There are a number of ways to advance NPCs in Wandering Heroes of Ogre Gate. One of my favorite is the Going into Seclusion method in the Lady 87 Campaign book (you can also see an early version of this idea on the blog). Sometimes I use more granular methods or random ones. I put the two tables below together today for my Celestial Plume Masters campaign.
The first table is a method for calculating NPC advancement over time. It can be done session to session, like PCs, or in time in the game world (using either weekly or daily increments----you can also use monthly if you prefer). This assumes an average of 2 XP gained each session/week/day and just charts it out over time. It also uses the revised XP chart from the Bedrock Games website (rather than the one in the rulebook). One thing you will notice is a bit of a hump at the Qi rank 7 mark, because this is the entry point into the profound levels of martial arts. So it takes considerable time to get there from Qi rank 6. After Qi 7 however it reduces back down to a more reasonable level.
This can be used to figure out a characters Qi rank when they are re-introduced (if they were Qi 3 when the players met them 20 sessions ago, they could be Qi rank 6 in the present session). It is just a tool. You can use any approach you want here, from eye-balling the level to giving your NPCs XP the way you do PCs.
I also came up with a random method, the above Defeated Master Progression Table. This was designed to handle NPCs who suffer a big defeat at the hands of the players, to determine how they react, but I may turn it into a more general table for randomly determine a given NPCs current level.
Because the table was designed this afternoon it is just a rough attempt. I am sharing it with my players before the game for feedback and will probably make changes based on that, then make further changes after using it in play (and then create a modified version for NPCs in general).
The Defeated Master Progression Table was designed with Li Liang in mind, an NPC one of the characters defeated in humiliating and painful fashion to strike a physical and psychological blow (with the aim of impacting her performance in a duel one year from now). So it was created with that specific tactic in mind (and meant to reward it much of the time, but also keep open the possibility that the defeat serves as a key motivator for the NPC). Once I have a chance to test it out tonight and make some changes I should be able to write about how it went and possibly put together a new version.

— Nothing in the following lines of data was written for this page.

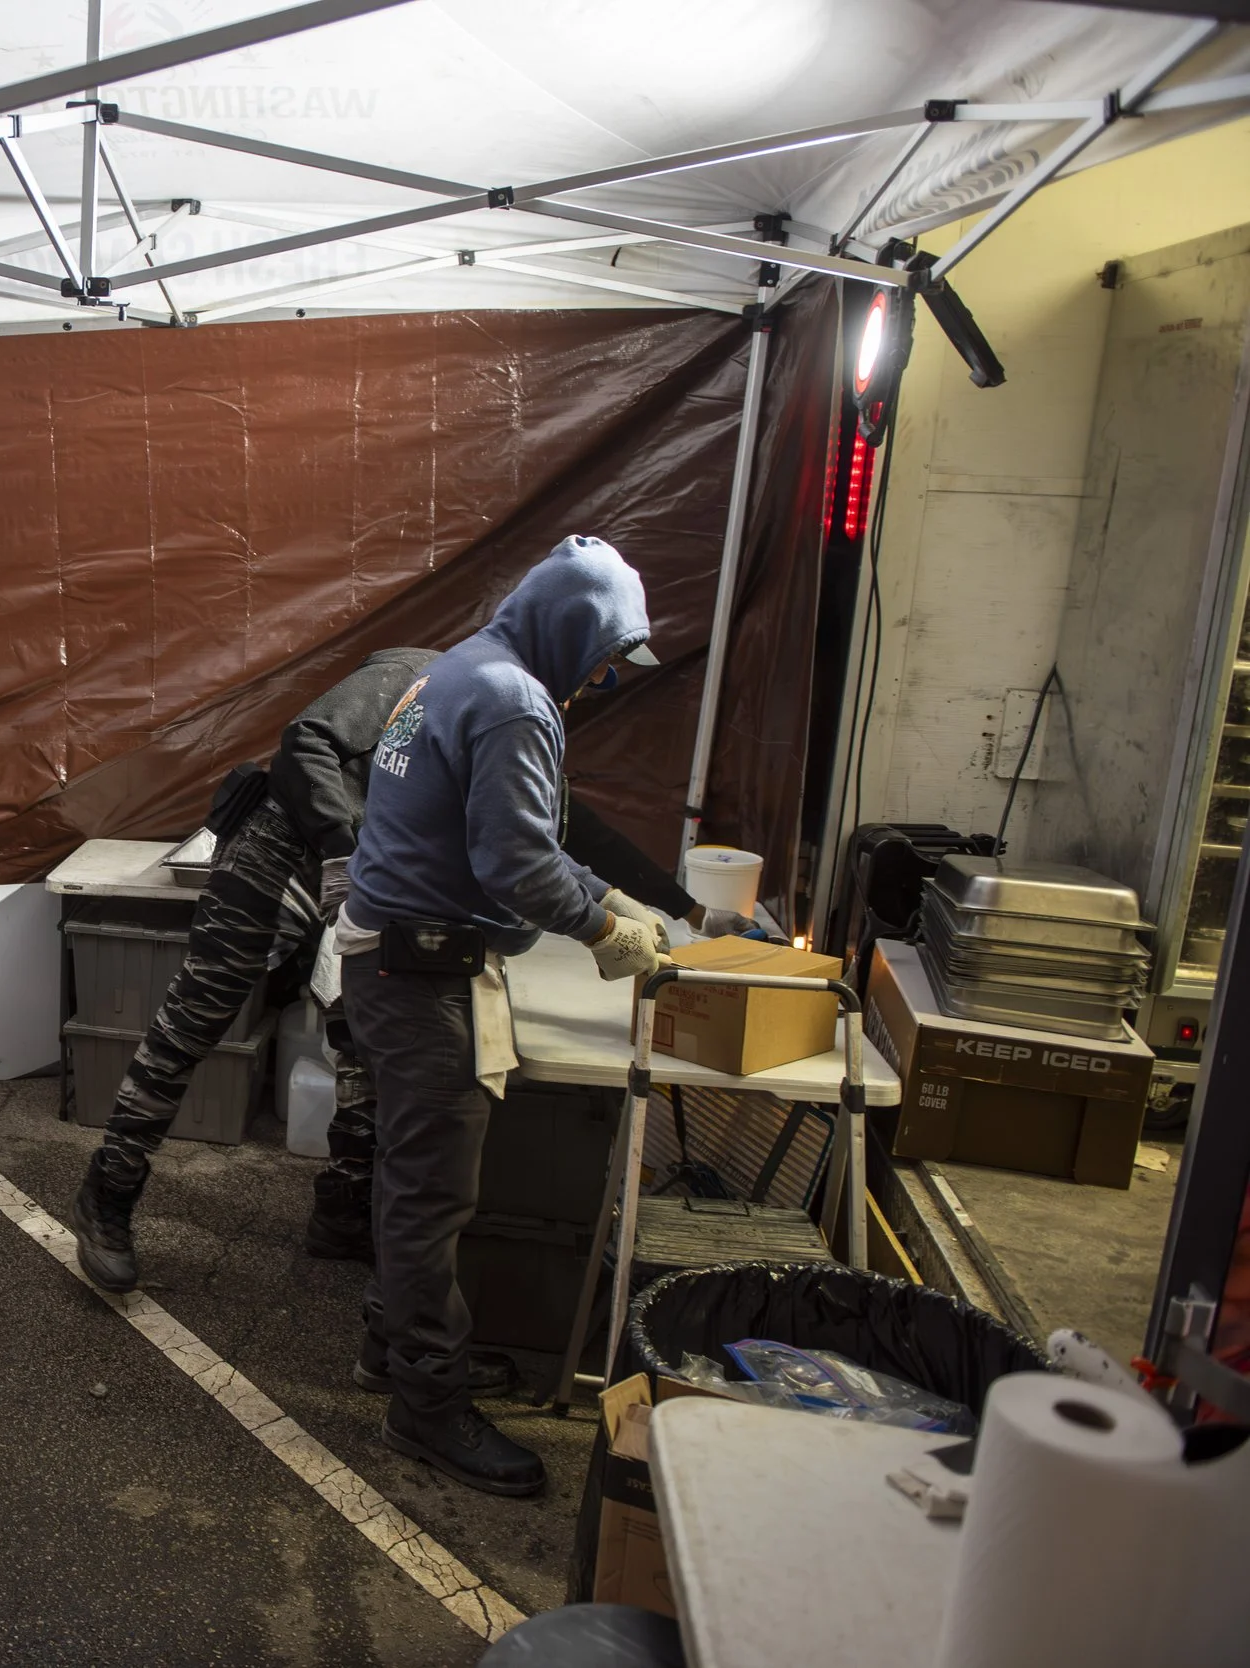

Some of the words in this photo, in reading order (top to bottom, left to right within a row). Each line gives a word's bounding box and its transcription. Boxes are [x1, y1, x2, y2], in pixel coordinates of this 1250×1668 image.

[955, 1038, 1032, 1061] KEEP
[1041, 1050, 1111, 1074] ICED
[921, 1083, 934, 1095] 60
[936, 1083, 949, 1097] LB
[918, 1095, 947, 1111] COVER

With the Jianghu being what it is, with all the vendettas and counter-vendettas, doesn't this mean that when you don't see an NPC for a long time that there's an increasing chance they get killed? In the original WHOOG rulebook, there are very few characters at 6th level but many at the lower levels. I had always assumed this was because most NPCs don't live long enough to make it to 4th level, never mind 6th level.
ReplyDeleteI would say that is up to the individual GM. Keep in mind, you don't need every NPC to automatically advance (characters who are not training much, not adventuring much, probably shouldn't use these tables). The tables are just tools to invoke when you need them, not something one must use all the time (and they are quite rough as I am just experimenting with them now).

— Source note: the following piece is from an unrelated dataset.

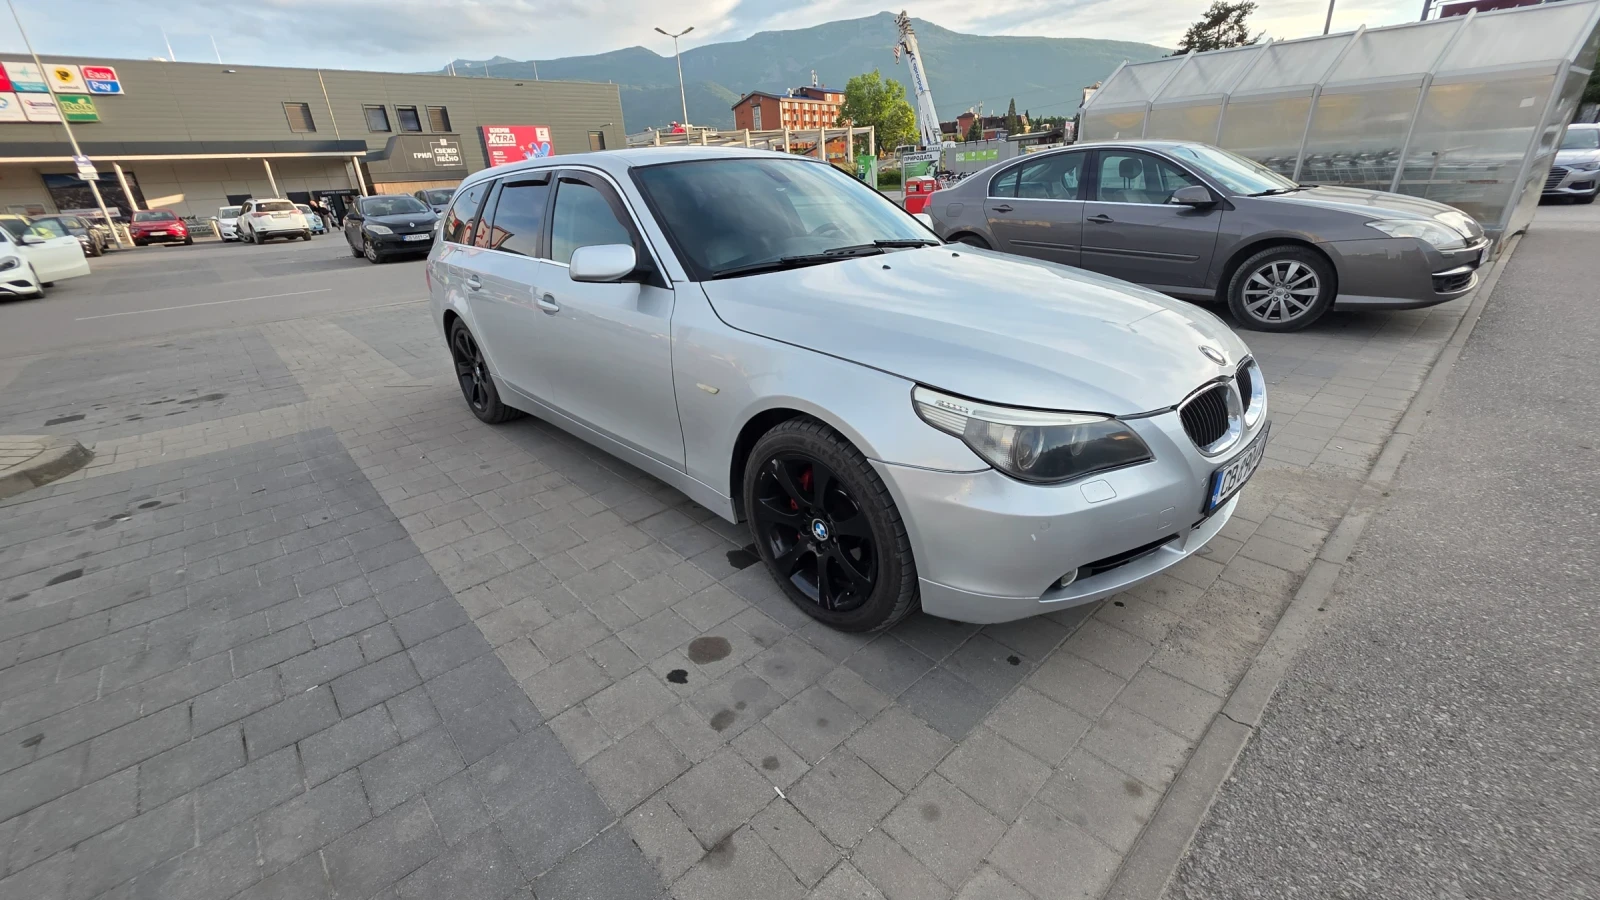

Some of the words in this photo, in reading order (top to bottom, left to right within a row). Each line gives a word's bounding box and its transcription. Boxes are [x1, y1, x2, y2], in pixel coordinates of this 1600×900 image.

[87, 69, 112, 80] Easy
[91, 81, 111, 91] Pay
[488, 133, 516, 144] XTRA
[904, 153, 933, 161] ПРИРОДАТА

DeleteYou could certainly devise a method for determining if an NPC is killed. Grudges are pretty common, but it is a judgement call whether you think a given NPC should kill or be killed due to a grudge (generally when I have such questions I roll off between the characters involved, with 1d10 each per Qi Rank). If you are using these tables for every single NPC, that is probably not a bad idea. In general I like the idea of it. It might even be something to add to one of these tables (a chance that the NPC is killed off somehow).

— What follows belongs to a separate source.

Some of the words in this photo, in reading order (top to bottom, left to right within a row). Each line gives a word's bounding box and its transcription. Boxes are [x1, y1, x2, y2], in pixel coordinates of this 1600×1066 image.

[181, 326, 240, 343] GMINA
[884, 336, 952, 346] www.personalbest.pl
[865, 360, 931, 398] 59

The setting has also evolved over time. When I put out the original WHOG book that was mainly with a focus on Qi ranks 1-6. But over time, I realized a more natural spectrum for your typical campaign is something like 1-8. So my live campaigns often have a number of profound masters in them, and if you look at the supplements they are more frequently. In terms of why there are many low Qi rank characters in the rulebook and not as many Qi rank 6, I don't recall my specific rationale off hand, but believe it is just due to a general sense that many people train hard and advance early on, but slow down over time as it gets harder and gains take longer to achieve. But I am sure people getting killed was also part of it too. Wandering Heroes of Ogre Gate was developed over a two-year period prior to release, and the original rulebook reflects that. But I learned a lot more about the system after running it for the years that followed.